Retinal ganglion cell (RGC) degeneration in optic neuropathies is often preceded by neuroinflammatory changes, yet the earliest in vivo indicators of this process remain poorly defined. Here, we identified vitreous hyperreflective foci (VHRFs) by visible-light optical coherence tomography (vis-OCT) as an early inflammatory signature of RGC injury. Longitudinal vis-OCT imaging after optic nerve crush (ONC) revealed that VHRFs emerged as early as 6 hours post-injury and peaked before the significant RGC loss. Confocal analysis showed that these VHRFs corresponded to activated amoeboid microglia undergoing vertical migration from the outer to inner retina and horizontal movement toward the optic nerve head area. Similar amoeboid microglia were also observed in the anterior segment, suggesting a global ocular inflammatory response to the ONC injury.
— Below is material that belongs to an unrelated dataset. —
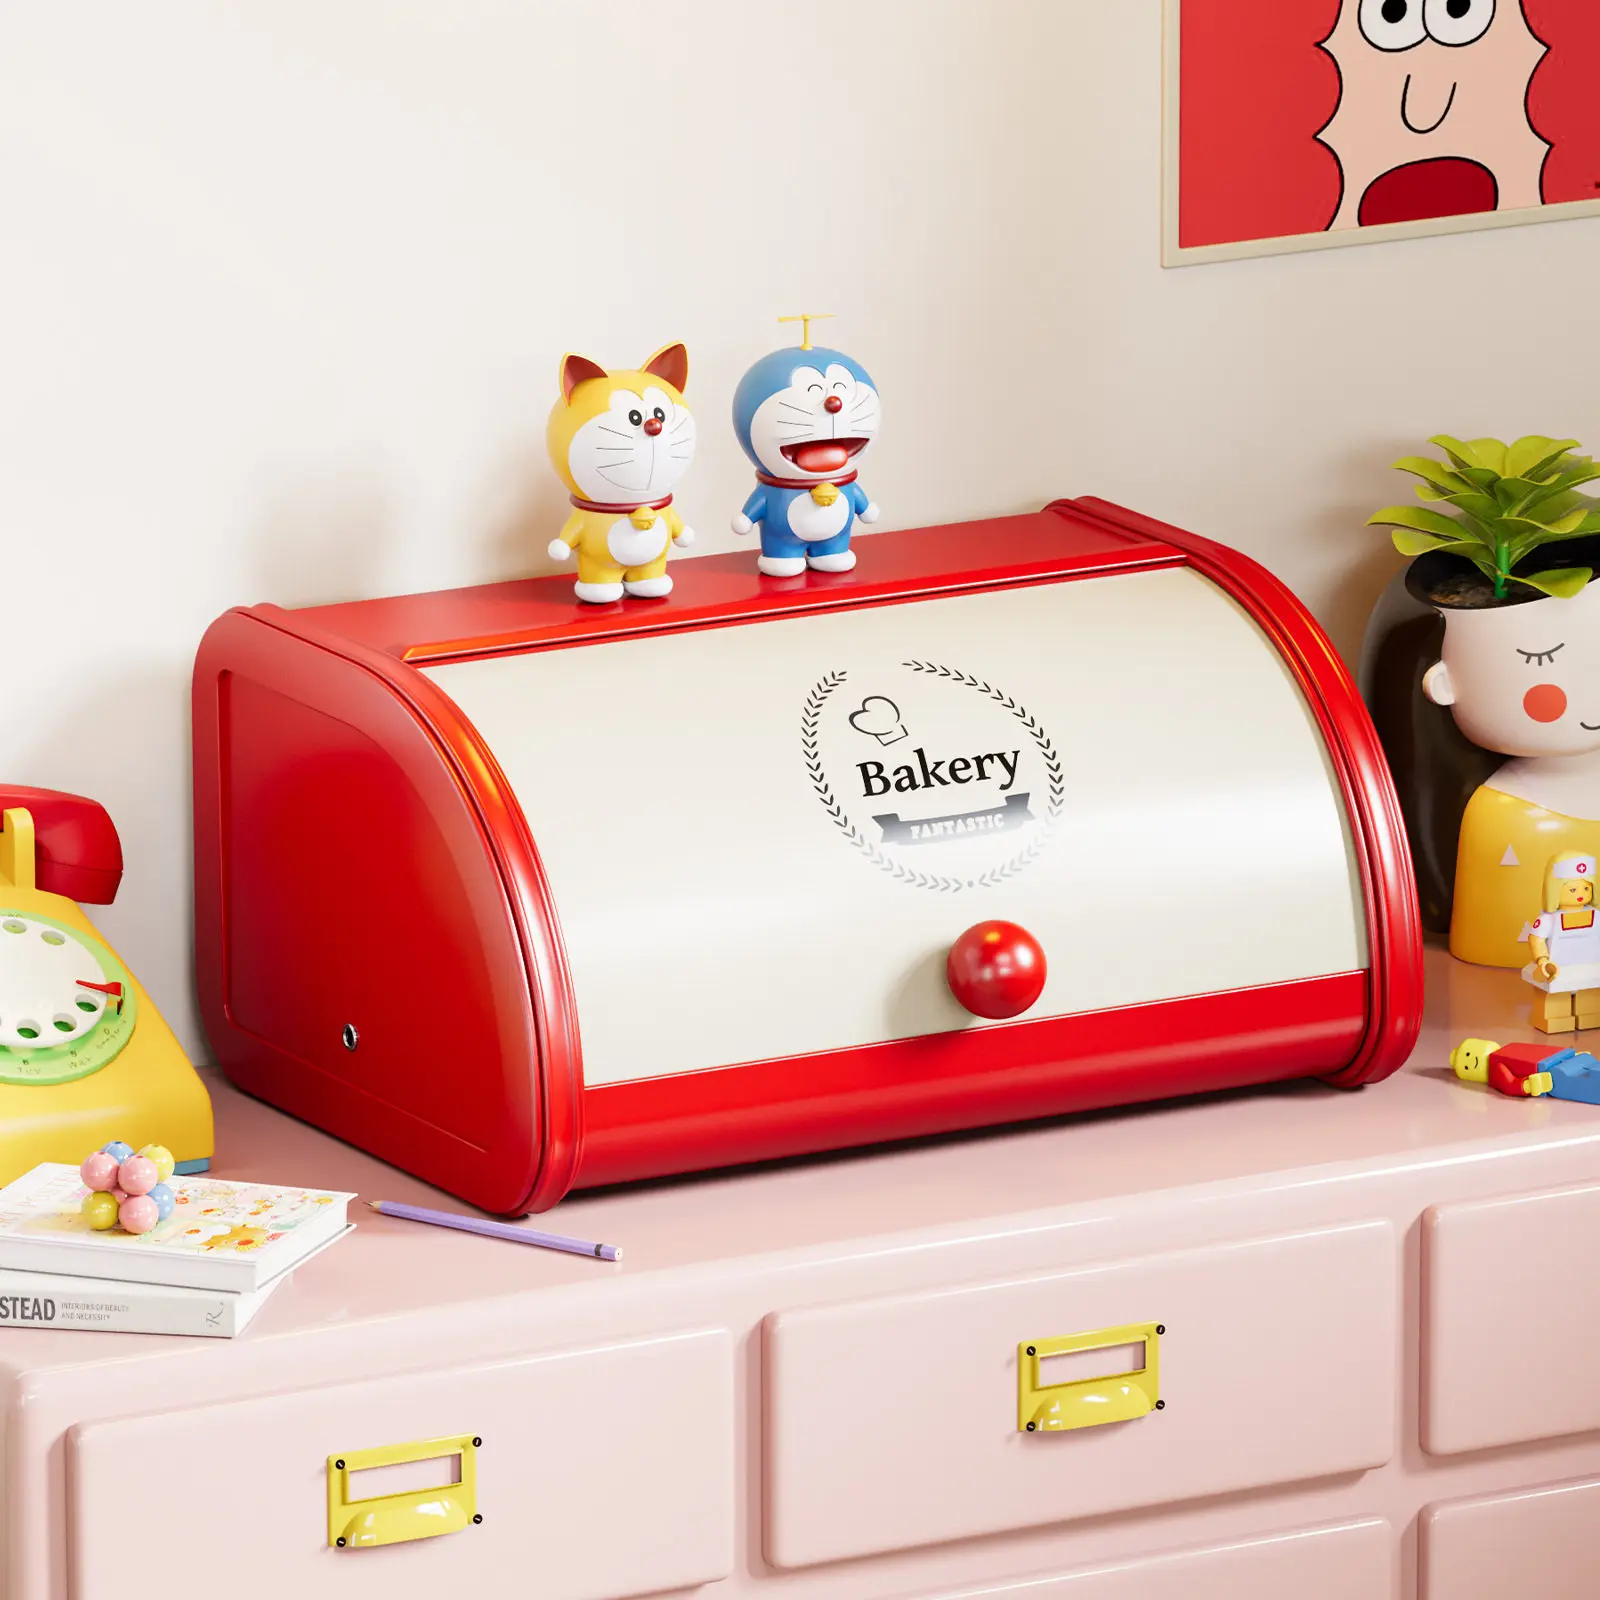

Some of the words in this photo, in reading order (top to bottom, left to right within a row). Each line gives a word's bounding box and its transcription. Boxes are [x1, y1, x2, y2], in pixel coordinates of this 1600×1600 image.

RNAscope in situ hybridization further demonstrated elevated IL-1β expression in vitreous amoeboid microglia. Moreover, pharmacological blockade of IL-1 signaling with an IL-1 receptor antagonist significantly reduced VHRFs, suppressed microglial migration, and delayed RGC loss. Taken together, our findings identify VHRFs as a previously unrecognized early danger signal for RGC degeneration and highlight IL-1-mediated inflammation as a tractable early therapeutic target for preventing RGC degeneration and vision loss.